We observed that the loss of livestock among households was best explained by the interaction effect of total number of livestock and number of larger bodied livestock owned (Table 3). No single model best supported our data (AICc weight greater than 0.9 indicate the best fit model). The variables, number of livestock (relative importance, 0.98) and number of larger bodied livestock (relative importance = 0.82) significantly influenced the predation by snow leopard (Table 4). No other variables explained losses among the households. Although not significant, it was observed that uneducated household tend to lose more livestock (p = 0.72, Table 3 and Table 4). While the observed SE for variables CN (number of corrals) and DP (days livestock housed in pastures) were slightly larger than the estimate (Table 4), we used Pearson’s product-moment correlation test to examine their degree of association with the response variable. We found significant positive correlation between loss and number of days herding in pastures (Pearson’s product-moment correlation coefficient, r = 0.36, df = 63, p = 0.003), family size (r = 0.28, df = 63, p = 0.021) and corral number (r = 0.39, df = 63, p = 0.001).

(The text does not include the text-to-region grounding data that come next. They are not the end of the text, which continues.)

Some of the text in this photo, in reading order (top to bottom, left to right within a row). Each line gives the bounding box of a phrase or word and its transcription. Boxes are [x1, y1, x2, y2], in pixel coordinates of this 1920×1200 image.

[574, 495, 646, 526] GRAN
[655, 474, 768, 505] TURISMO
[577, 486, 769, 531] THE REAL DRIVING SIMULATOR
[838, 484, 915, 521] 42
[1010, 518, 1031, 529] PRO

3.4. Attitude towards Snow Leopard Conservation

The overall mean attitude score towards snow leopard conservation was 0.08 (Table 5). We found variable response in attitudes of herders towards snow leopard conservation. A total of 49% of the herders held negative, 45% held positive and 6% held neutral attitudes in the final total scoring (Table 5). We observed the Buddhist religion and strict law enforcement to be strong influencers of attitudes. For example, one woman reported
“When we kill Pange (snow leopard), the mountain god gets annoyed and we receive more losses and natural disasters in the future. This has happened in the past too”. However, a resident aged 25 responded “Establishment of ACAP office have forbidden us to shoot the species. Snow leopard causes us problem, if allowed or lifted the enforced law, people might shoot the species”.

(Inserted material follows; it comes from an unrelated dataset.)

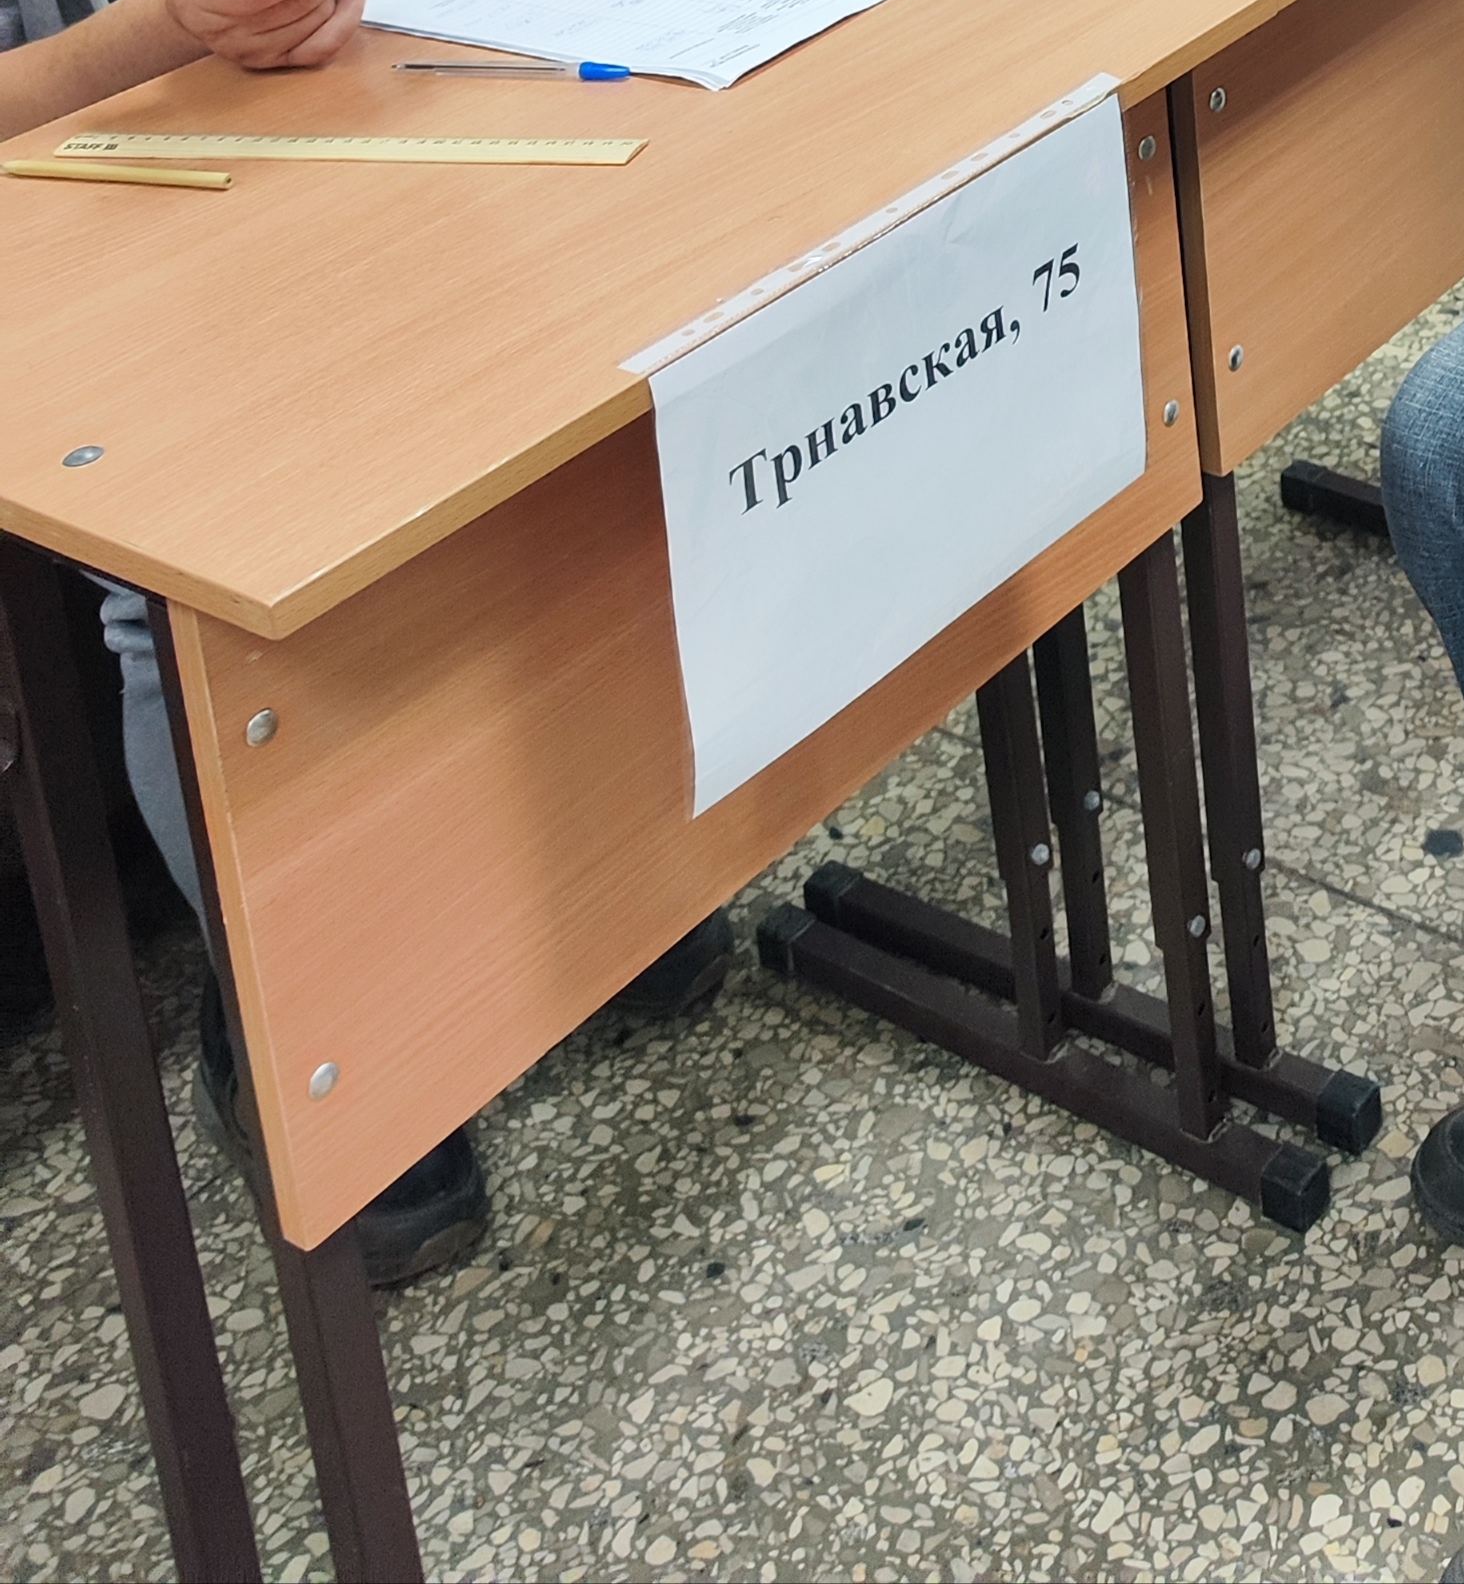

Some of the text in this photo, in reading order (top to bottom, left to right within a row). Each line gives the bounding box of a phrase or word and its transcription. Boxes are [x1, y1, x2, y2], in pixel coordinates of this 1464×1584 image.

We observed positive attitude of herders for questions regarding conservation education and protection of snow leopards whereas negative attitudes for environmental benefit of snow leopard’s presence and reaction to livestock predation by snow leopard (Table 5).

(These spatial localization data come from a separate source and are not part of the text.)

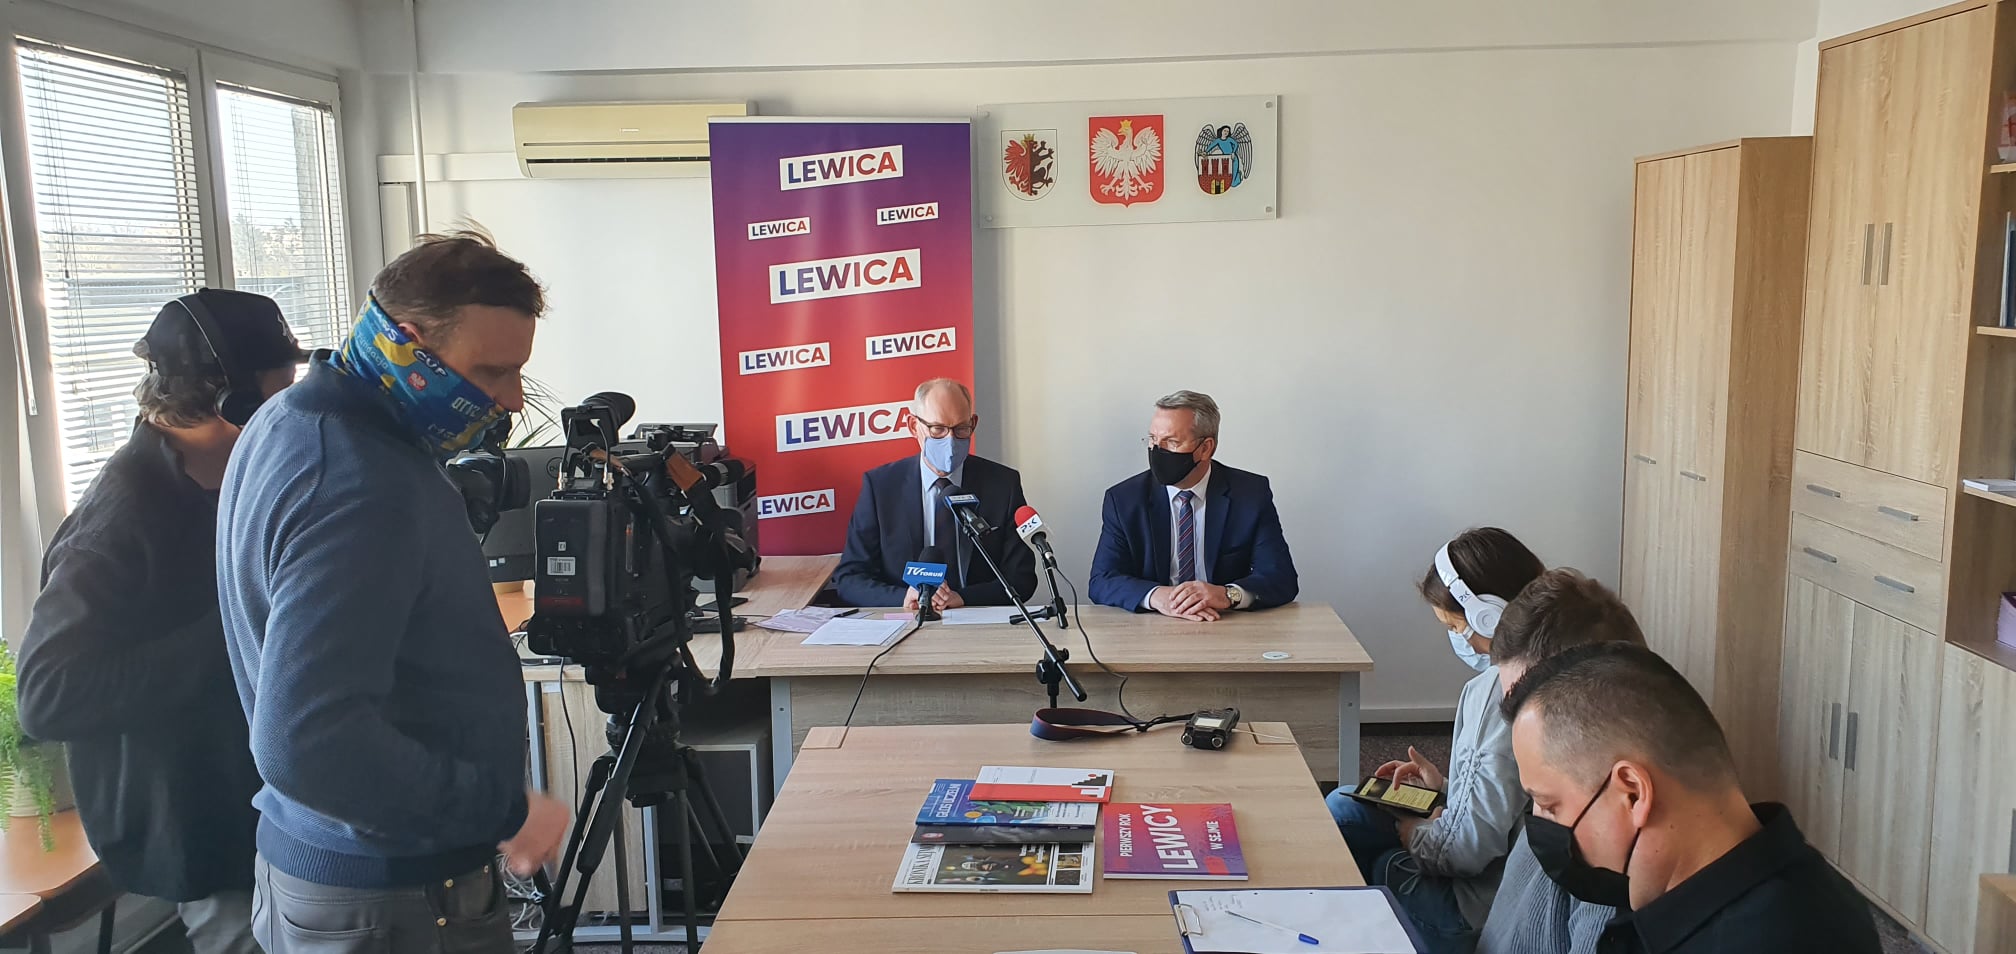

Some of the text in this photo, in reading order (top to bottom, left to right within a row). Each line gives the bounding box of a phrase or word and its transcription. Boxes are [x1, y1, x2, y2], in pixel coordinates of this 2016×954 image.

[787, 151, 897, 184] LEWICA
[880, 205, 935, 222] LEWICA
[752, 220, 806, 237] LEWICA
[779, 257, 913, 297] LEWICA
[871, 332, 952, 355] LEWICA
[415, 350, 447, 376] CUP
[744, 346, 826, 371] LEWICA
[786, 406, 912, 445] LEWICA
[1119, 813, 1132, 857] PIERWSZY ROK
[1140, 804, 1199, 869] LEWICY
[1206, 821, 1223, 842] SEJMIE

Regarding measures to reduce losses and minimize conflicts, 71% of the herders reported careful herding practices, 15% suggested complete extermination of the species, 3% suggested avoiding predation risk areas while herding livestock, and 4% of herders were undecided about which method would be appropriate for minimizing conflicts with snow leopards.

4. Discussion

This study increased our understanding of conflicts between humans and snow leopards in one of the least explored parts of the Annapurna Conservation Area, Nepal. Our study found high reported levels of predation of livestock by snow leopards compared to previous studies from other parts of Annapurna Conservation Area [3,13,17,18]. However, the rate of livestock predation was somewhat consistent with some other parts of the trans-Himalaya region [31,32,33,34,35]. The high number of livestock losses to snow leopards may be attributed to the fact that it is the only top carnivore predator recorded in the valley. Genetic analysis of snow leopards scats estimated the presence of 6 snow leopards in vicinity of Phu village of the Narphu valley, implying a high population density [18]. Higher predator density implies greater probability of encounters with domestic animals in pastures being more vulnerable to attack [36]. The aggregative response of snow leopards, despite an abundant natural prey base, may help explain such a high loss in the valley [18,37]. While conservation initiatives and promotion of eco-tourism in protected areas increase wildlife numbers, their restricted distribution within fragmented habitats inside protected areas might also locally intensify conflicts with humans [38]. Our estimated monetary loss due to snow leopard predation (US $270.56 per household) is slightly greater than the adjoining lower Manang area. Oli et al. [13] estimated an average annual loss of 25% of the mean average per capita income of Nepal in lower Manang.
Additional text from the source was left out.